Here’s my attempt at getting started.

Without loss of generality, take $C = \{1, \dots k\}$.

Now for $1 \leq i \leq k$, conditional on $\mathcal F_t^C$, $X_i$ follows the dynamics

$$X^i_t= \int_0^t \lambda_i (\mathbf X_s) \, ds + w_t,$$

where now $W^i = w^i \in C[0, t]$ is deterministic given $\mathcal F^C_t$. 

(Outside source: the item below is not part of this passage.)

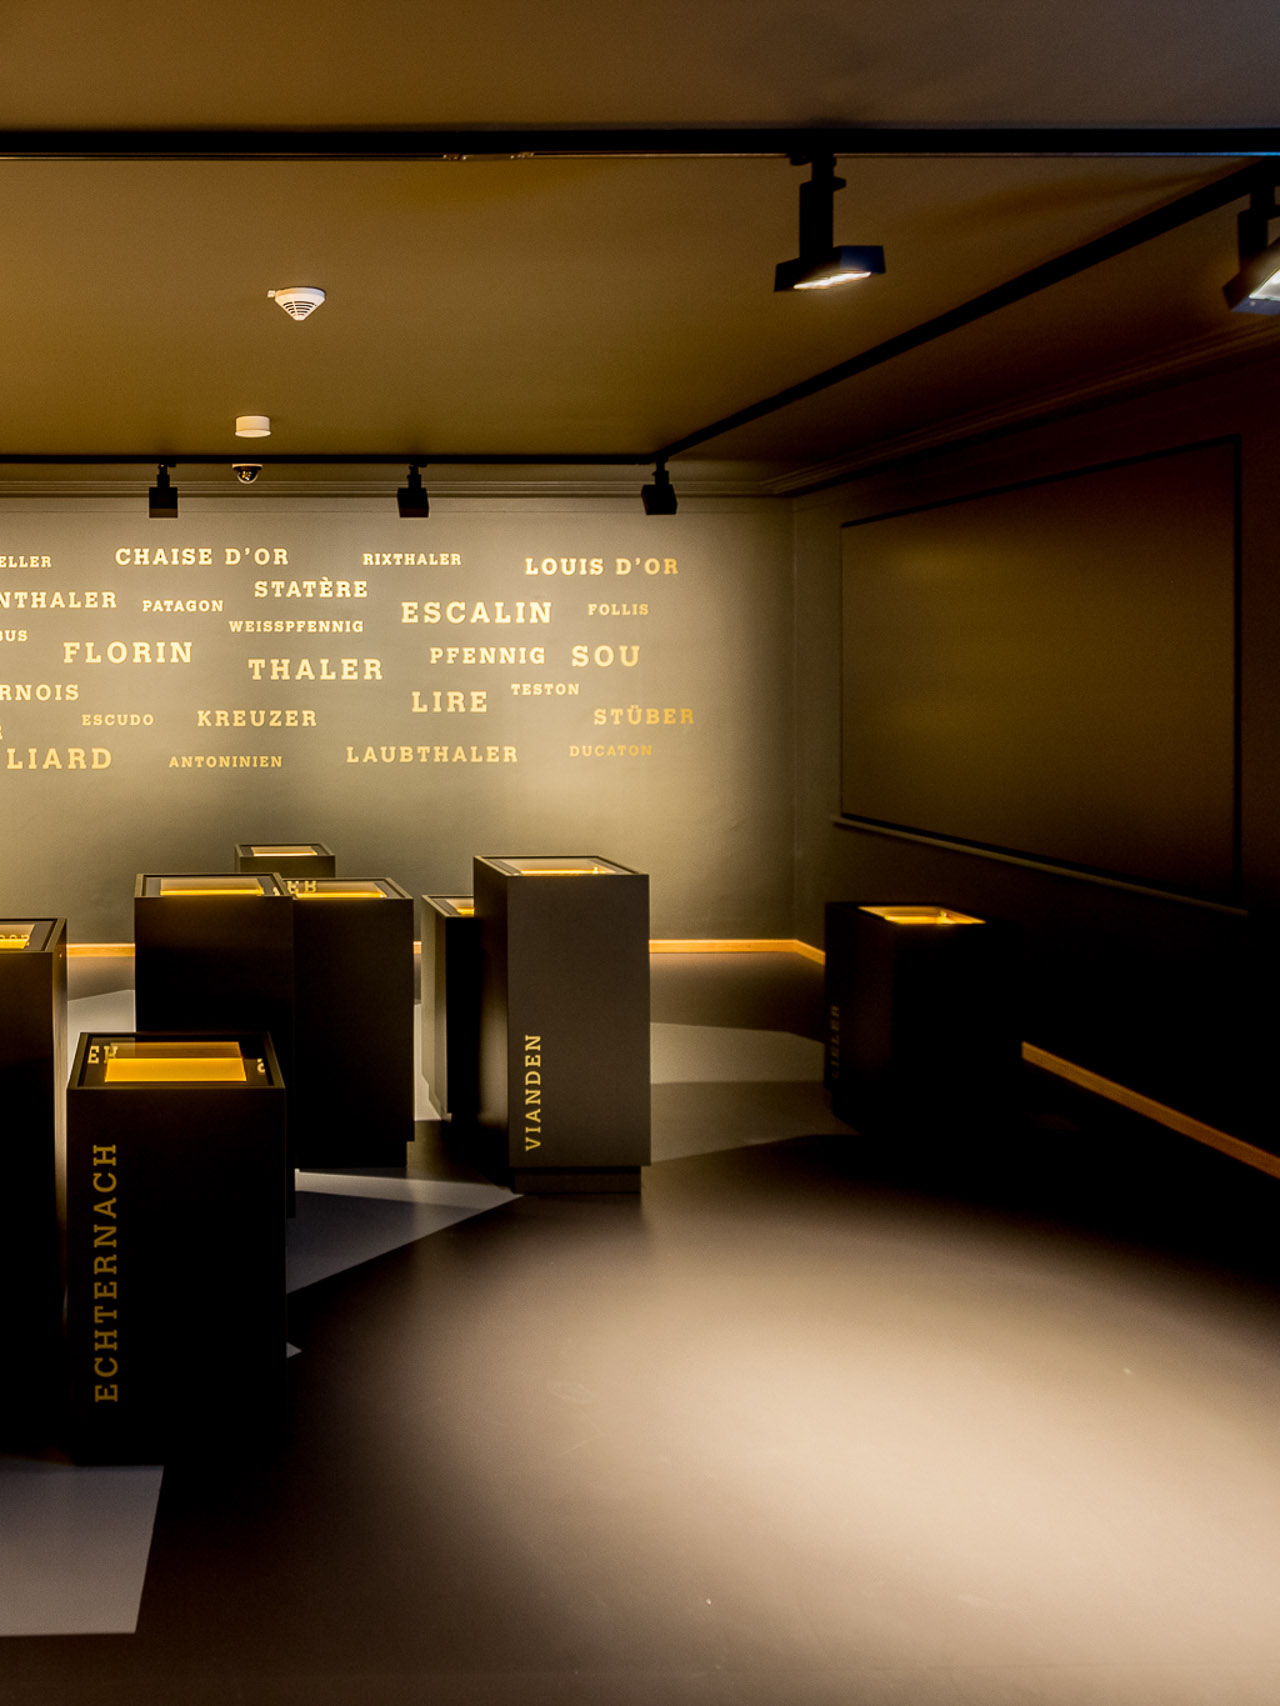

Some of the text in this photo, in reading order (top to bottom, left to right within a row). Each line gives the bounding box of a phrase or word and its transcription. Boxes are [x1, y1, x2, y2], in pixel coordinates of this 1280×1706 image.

As such, by taking conditional expectations, we have the equation 

$$\mathbb E[X^i_t| \mathcal F^C_t] = \int_0^t\mathbb E[\lambda_i (\mathbf X_s) | \mathcal F^C_s] \, ds+ w^i_t.$$

We can of course write similarly, for $i > k$,

$$\mathbb E[X^i_t| \mathcal F^C_t] = \int_0^t\mathbb E[\lambda_i (\mathbf X_s) | \mathcal F^C_s] \, ds + W^i_t,$$

or in SDE form,

$$d \mathbb E[X^i_t| \mathcal F^C_t] = \mathbb E[\lambda_i (\mathbf X_t) | \mathcal F^C_t] \, dt + dW^i_t.$$

I am not sure how to proceed from here. We may be able to get something much more if $\lambda$ is assumed smooth enough to apply Ito’s formula.